● **MATERIAL FOR THE TASK**

___

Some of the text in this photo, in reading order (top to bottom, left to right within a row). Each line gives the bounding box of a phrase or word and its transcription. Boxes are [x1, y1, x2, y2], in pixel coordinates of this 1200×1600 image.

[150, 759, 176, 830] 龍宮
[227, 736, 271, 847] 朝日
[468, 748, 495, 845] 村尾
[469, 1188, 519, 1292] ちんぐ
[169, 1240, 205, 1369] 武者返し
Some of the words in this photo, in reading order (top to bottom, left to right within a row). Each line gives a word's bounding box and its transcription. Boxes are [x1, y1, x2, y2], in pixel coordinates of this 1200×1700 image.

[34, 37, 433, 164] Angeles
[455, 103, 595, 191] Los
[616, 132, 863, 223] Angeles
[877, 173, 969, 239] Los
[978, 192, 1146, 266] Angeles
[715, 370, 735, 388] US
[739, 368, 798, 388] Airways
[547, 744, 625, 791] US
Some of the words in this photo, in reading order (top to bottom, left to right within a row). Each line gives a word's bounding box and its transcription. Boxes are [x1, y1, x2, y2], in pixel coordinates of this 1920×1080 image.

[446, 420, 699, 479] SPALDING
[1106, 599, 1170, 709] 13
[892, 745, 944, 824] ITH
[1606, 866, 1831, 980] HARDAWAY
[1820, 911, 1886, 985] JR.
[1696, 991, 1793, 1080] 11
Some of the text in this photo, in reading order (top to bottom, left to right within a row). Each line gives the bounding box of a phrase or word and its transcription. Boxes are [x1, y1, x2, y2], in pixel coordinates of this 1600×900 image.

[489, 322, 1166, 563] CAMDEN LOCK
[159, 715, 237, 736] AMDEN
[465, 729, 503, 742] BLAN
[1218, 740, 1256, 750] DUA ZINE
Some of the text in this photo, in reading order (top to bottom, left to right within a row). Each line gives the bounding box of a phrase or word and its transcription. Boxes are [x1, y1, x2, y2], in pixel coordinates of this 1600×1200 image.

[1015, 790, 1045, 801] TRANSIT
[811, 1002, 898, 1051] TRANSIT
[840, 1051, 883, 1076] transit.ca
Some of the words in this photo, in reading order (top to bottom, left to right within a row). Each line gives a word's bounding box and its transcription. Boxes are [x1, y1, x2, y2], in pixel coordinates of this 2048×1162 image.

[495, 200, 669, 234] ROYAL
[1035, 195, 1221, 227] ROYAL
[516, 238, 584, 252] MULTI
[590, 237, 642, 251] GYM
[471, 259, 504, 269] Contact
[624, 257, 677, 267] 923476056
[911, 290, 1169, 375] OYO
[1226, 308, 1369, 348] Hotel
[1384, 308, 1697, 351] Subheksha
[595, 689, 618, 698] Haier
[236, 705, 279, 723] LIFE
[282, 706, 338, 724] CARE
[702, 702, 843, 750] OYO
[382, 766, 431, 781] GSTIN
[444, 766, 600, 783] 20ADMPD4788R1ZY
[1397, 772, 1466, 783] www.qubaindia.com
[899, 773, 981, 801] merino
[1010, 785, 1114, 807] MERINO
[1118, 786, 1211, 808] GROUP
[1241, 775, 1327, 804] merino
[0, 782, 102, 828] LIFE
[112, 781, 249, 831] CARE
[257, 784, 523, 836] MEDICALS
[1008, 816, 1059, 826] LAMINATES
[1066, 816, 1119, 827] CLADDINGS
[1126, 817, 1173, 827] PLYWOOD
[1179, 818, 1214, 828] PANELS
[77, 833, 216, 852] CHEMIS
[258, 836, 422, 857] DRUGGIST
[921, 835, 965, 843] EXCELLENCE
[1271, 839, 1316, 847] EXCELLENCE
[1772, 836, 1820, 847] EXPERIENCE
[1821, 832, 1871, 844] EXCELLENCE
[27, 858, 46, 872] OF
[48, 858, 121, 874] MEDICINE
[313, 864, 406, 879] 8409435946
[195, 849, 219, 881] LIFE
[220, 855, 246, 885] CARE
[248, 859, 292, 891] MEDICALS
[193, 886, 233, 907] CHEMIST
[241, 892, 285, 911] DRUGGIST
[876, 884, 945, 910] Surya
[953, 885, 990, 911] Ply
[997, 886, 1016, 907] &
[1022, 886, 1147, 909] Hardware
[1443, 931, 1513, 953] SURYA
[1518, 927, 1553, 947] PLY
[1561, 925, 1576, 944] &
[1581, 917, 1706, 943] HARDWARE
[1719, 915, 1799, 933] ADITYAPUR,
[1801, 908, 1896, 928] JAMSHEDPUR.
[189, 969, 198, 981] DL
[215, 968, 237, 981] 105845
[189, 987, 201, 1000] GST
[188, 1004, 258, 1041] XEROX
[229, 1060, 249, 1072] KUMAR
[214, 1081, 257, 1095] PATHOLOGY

___

● **AIM OF THE EXERCISE**
All of the data must be written out again, exactly as it stands.

● **ANSWER BOX**
Some of the text in this photo, in reading order (top to bottom, left to right within a row). Each line gives the bounding box of a phrase or word and its transcription. Boxes are [x1, y1, x2, y2], in pixel coordinates of this 1200×1600 image.

[150, 759, 176, 830] 龍宮
[227, 736, 271, 847] 朝日
[468, 748, 495, 845] 村尾
[469, 1188, 519, 1292] ちんぐ
[169, 1240, 205, 1369] 武者返し
Some of the words in this photo, in reading order (top to bottom, left to right within a row). Each line gives a word's bounding box and its transcription. Boxes are [x1, y1, x2, y2], in pixel coordinates of this 1200×1700 image.

[34, 37, 433, 164] Angeles
[455, 103, 595, 191] Los
[616, 132, 863, 223] Angeles
[877, 173, 969, 239] Los
[978, 192, 1146, 266] Angeles
[715, 370, 735, 388] US
[739, 368, 798, 388] Airways
[547, 744, 625, 791] US
Some of the words in this photo, in reading order (top to bottom, left to right within a row). Each line gives a word's bounding box and its transcription. Boxes are [x1, y1, x2, y2], in pixel coordinates of this 1920×1080 image.

[446, 420, 699, 479] SPALDING
[1106, 599, 1170, 709] 13
[892, 745, 944, 824] ITH
[1606, 866, 1831, 980] HARDAWAY
[1820, 911, 1886, 985] JR.
[1696, 991, 1793, 1080] 11
Some of the text in this photo, in reading order (top to bottom, left to right within a row). Each line gives the bounding box of a phrase or word and its transcription. Boxes are [x1, y1, x2, y2], in pixel coordinates of this 1600×900 image.

[489, 322, 1166, 563] CAMDEN LOCK
[159, 715, 237, 736] AMDEN
[465, 729, 503, 742] BLAN
[1218, 740, 1256, 750] DUA ZINE
Some of the text in this photo, in reading order (top to bottom, left to right within a row). Each line gives the bounding box of a phrase or word and its transcription. Boxes are [x1, y1, x2, y2], in pixel coordinates of this 1600×1200 image.

[1015, 790, 1045, 801] TRANSIT
[811, 1002, 898, 1051] TRANSIT
[840, 1051, 883, 1076] transit.ca
Some of the words in this photo, in reading order (top to bottom, left to right within a row). Each line gives a word's bounding box and its transcription. Boxes are [x1, y1, x2, y2], in pixel coordinates of this 2048×1162 image.

[495, 200, 669, 234] ROYAL
[1035, 195, 1221, 227] ROYAL
[516, 238, 584, 252] MULTI
[590, 237, 642, 251] GYM
[471, 259, 504, 269] Contact
[624, 257, 677, 267] 923476056
[911, 290, 1169, 375] OYO
[1226, 308, 1369, 348] Hotel
[1384, 308, 1697, 351] Subheksha
[595, 689, 618, 698] Haier
[236, 705, 279, 723] LIFE
[282, 706, 338, 724] CARE
[702, 702, 843, 750] OYO
[382, 766, 431, 781] GSTIN
[444, 766, 600, 783] 20ADMPD4788R1ZY
[1397, 772, 1466, 783] www.qubaindia.com
[899, 773, 981, 801] merino
[1010, 785, 1114, 807] MERINO
[1118, 786, 1211, 808] GROUP
[1241, 775, 1327, 804] merino
[0, 782, 102, 828] LIFE
[112, 781, 249, 831] CARE
[257, 784, 523, 836] MEDICALS
[1008, 816, 1059, 826] LAMINATES
[1066, 816, 1119, 827] CLADDINGS
[1126, 817, 1173, 827] PLYWOOD
[1179, 818, 1214, 828] PANELS
[77, 833, 216, 852] CHEMIS
[258, 836, 422, 857] DRUGGIST
[921, 835, 965, 843] EXCELLENCE
[1271, 839, 1316, 847] EXCELLENCE
[1772, 836, 1820, 847] EXPERIENCE
[1821, 832, 1871, 844] EXCELLENCE
[27, 858, 46, 872] OF
[48, 858, 121, 874] MEDICINE
[313, 864, 406, 879] 8409435946
[195, 849, 219, 881] LIFE
[220, 855, 246, 885] CARE
[248, 859, 292, 891] MEDICALS
[193, 886, 233, 907] CHEMIST
[241, 892, 285, 911] DRUGGIST
[876, 884, 945, 910] Surya
[953, 885, 990, 911] Ply
[997, 886, 1016, 907] &
[1022, 886, 1147, 909] Hardware
[1443, 931, 1513, 953] SURYA
[1518, 927, 1553, 947] PLY
[1561, 925, 1576, 944] &
[1581, 917, 1706, 943] HARDWARE
[1719, 915, 1799, 933] ADITYAPUR,
[1801, 908, 1896, 928] JAMSHEDPUR.
[189, 969, 198, 981] DL
[215, 968, 237, 981] 105845
[189, 987, 201, 1000] GST
[188, 1004, 258, 1041] XEROX
[229, 1060, 249, 1072] KUMAR
[214, 1081, 257, 1095] PATHOLOGY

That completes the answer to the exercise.